I would discretise the spatial derivative with finite differences (which is essentialy the same as finite elements in this case) and discretise the dynamic system with what you've proposed. If you discretise in space you will obtain: $$ \partial_t\vec{A}-L(\rho) \vec{A}=\vec{N}(\vec{A})$$ Where $L(\rho)$ is the matrix operator for the Laplacian.

This operator looks like $$L(\rho)=L+RG$$ Where $L$ is the famous Laplacian matrix operator in cartesian coordinates and $G$ the gradient operator.
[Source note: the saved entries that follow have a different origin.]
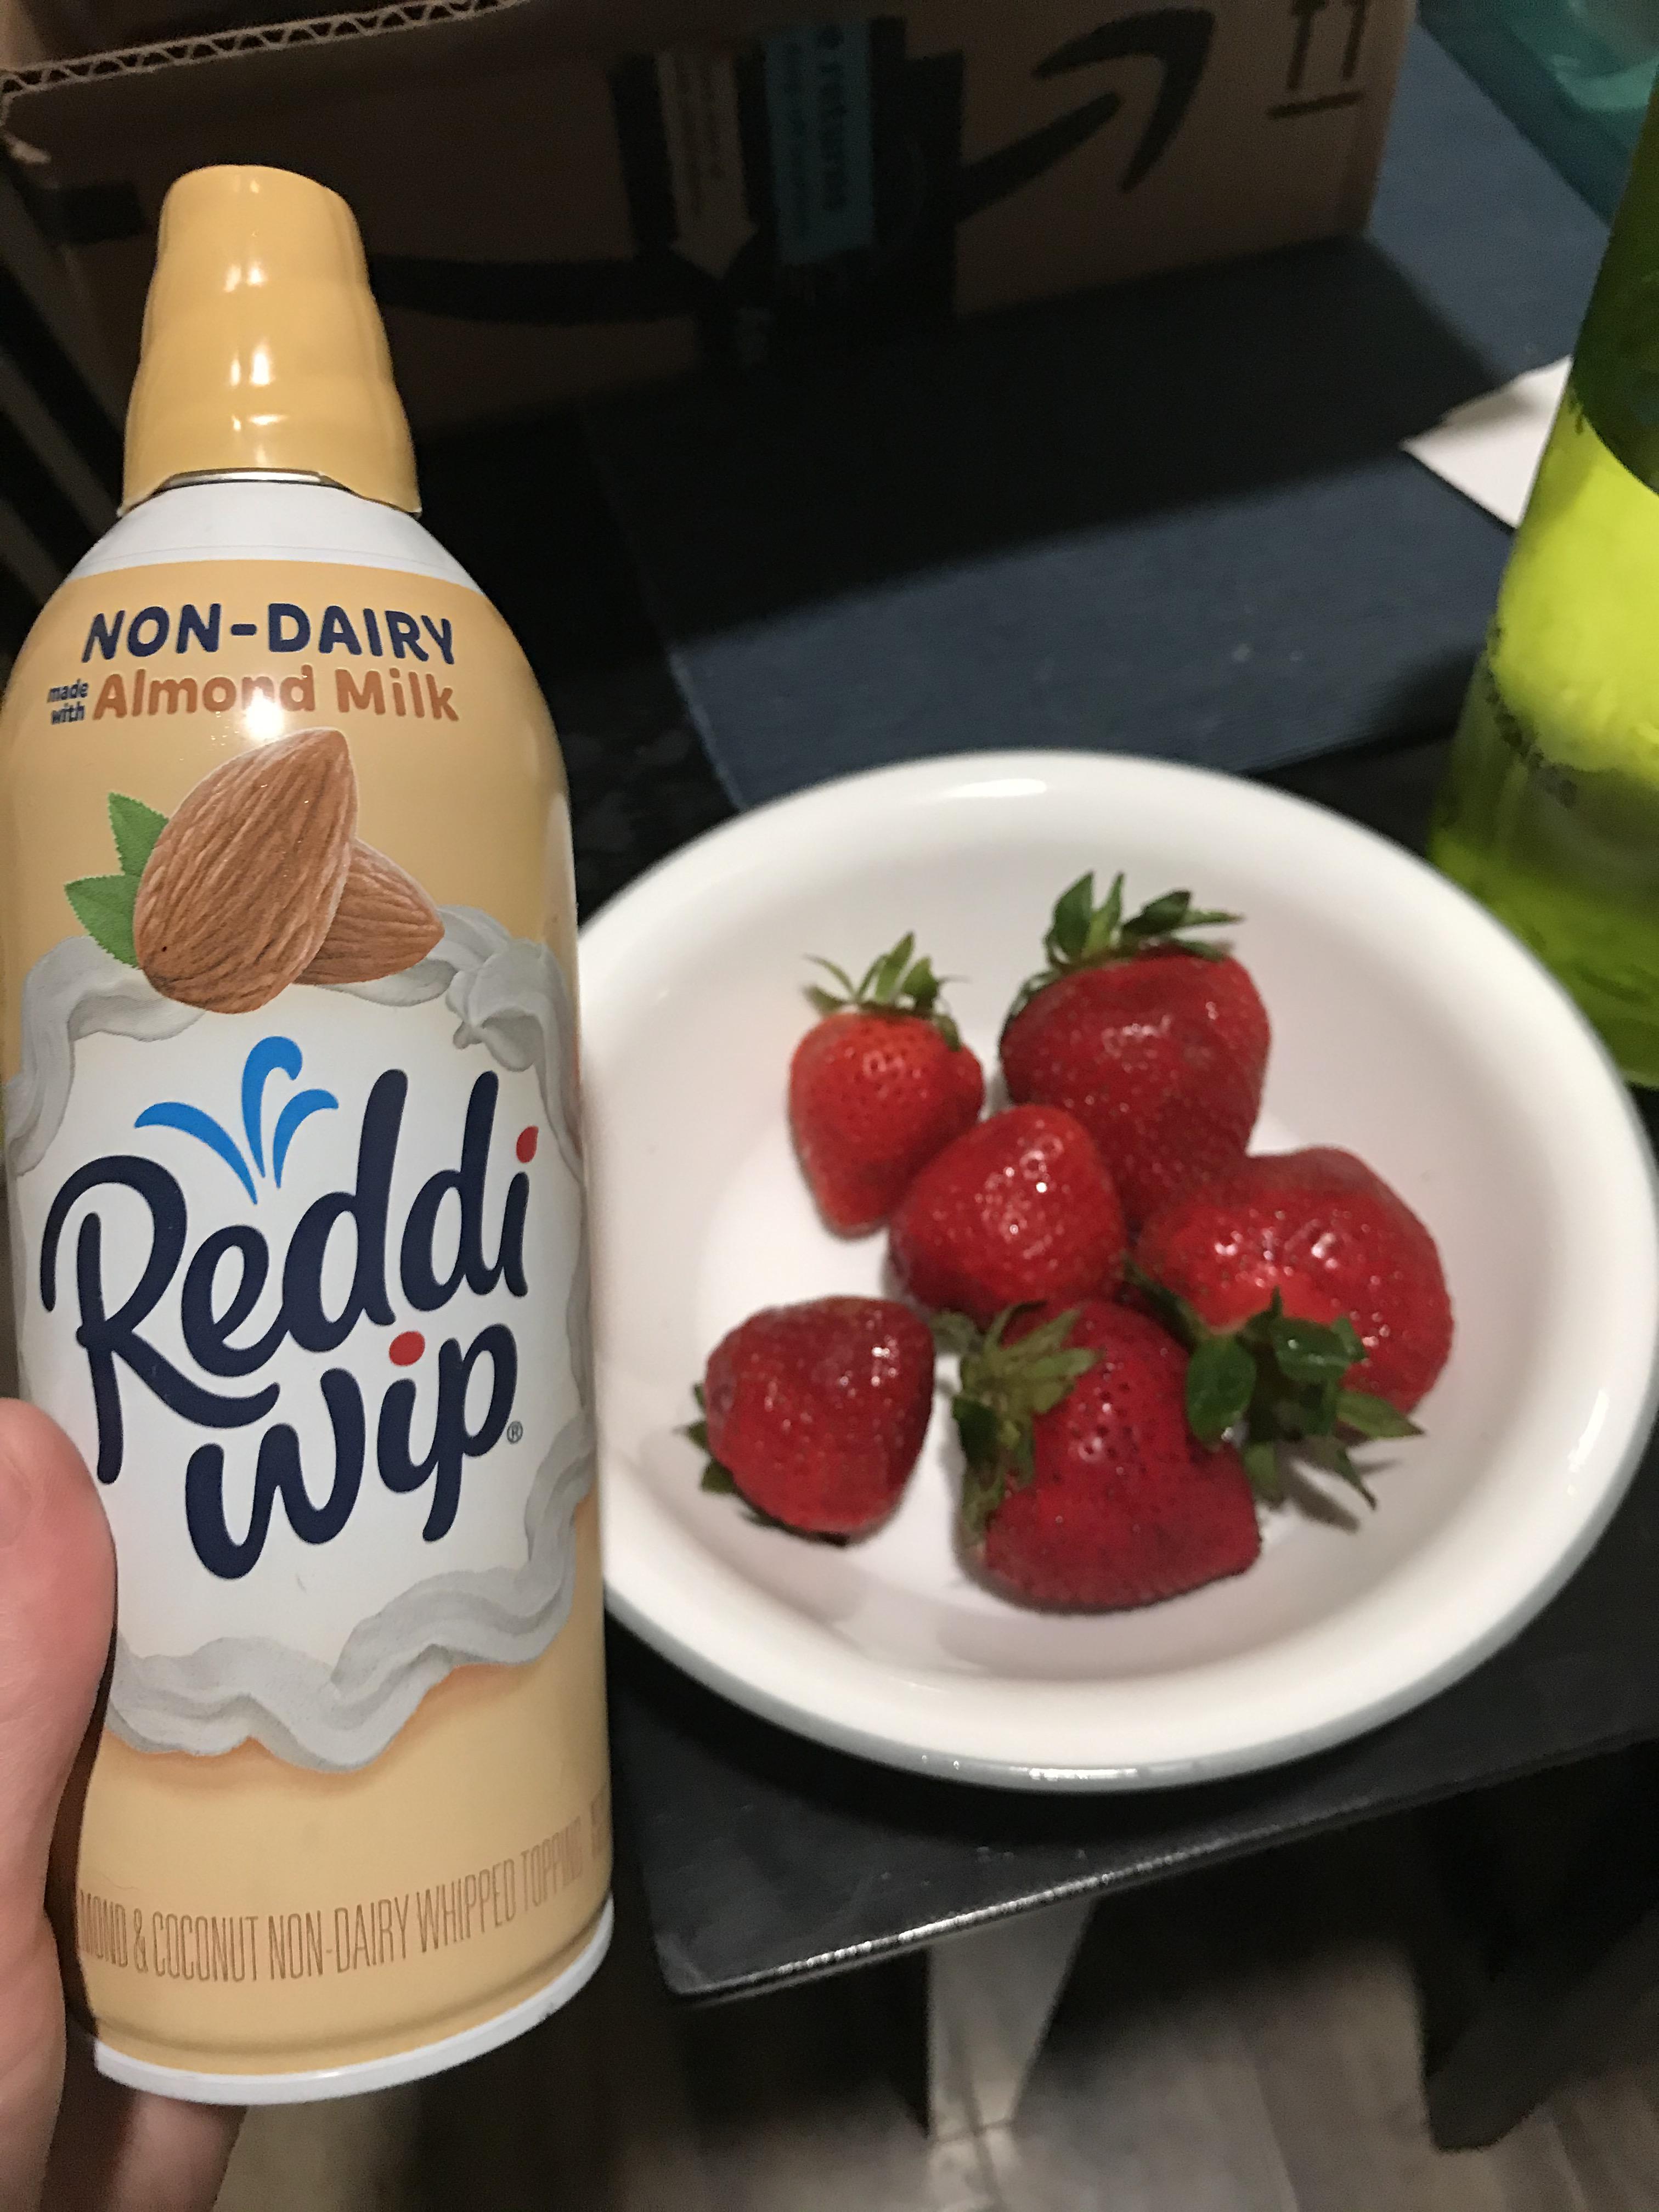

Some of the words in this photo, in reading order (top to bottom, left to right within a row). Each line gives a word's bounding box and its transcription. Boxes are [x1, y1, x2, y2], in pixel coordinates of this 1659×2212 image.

[82, 602, 455, 665] NON-DAIRY
[47, 678, 89, 703] made
[51, 701, 85, 725] with
[92, 664, 316, 721] Almond
[335, 667, 460, 722] Milk
[40, 1068, 539, 1485] Reddi
[185, 1323, 518, 1579] wip
[79, 1889, 128, 1967] MOND
[133, 1908, 148, 1973] &
[153, 1911, 259, 1982] COCONUT
[268, 1893, 410, 1980] NON-DAIRY
[416, 1858, 517, 1954] WHIPPED
Without any BC these operators look like: $$L(i,i)=-2/\Delta \rho^2, L(i-1,i)=L(i,i+1)=1/\Delta \rho^2 $$ $$ G(i,i+1)=-G(i,i-1)=1/\Delta\rho$$ $$ R(i,i)=1/\rho_i$$

The resulting scheme will be sth. like this: $$ [2ki\mathbb{I}-\Delta \xi/2L(\rho)]\vec{A}^{n+1}+\Delta\xi/2\vec{N}(\vec{A}^{n+1})= 2ki\vec{A}^n+\Delta\xi/2 L(\rho)\vec{A}^{n} +\Delta\xi/2\vec{N}(\vec{A}^{n})$$

Has been obtained from the general Crank-Nicolson scheme: $$\frac{W^{n+1}-W^n}{\Delta t}=\frac{1}{2}[F(W^{n+1})+F(W^n)]+\mathcal{O}(\Delta t^2)$$ for the differential equation: $$ \frac{dW}{dt}=F(t,W)$$

For each $n$ you will solve a nonlinear system of equations...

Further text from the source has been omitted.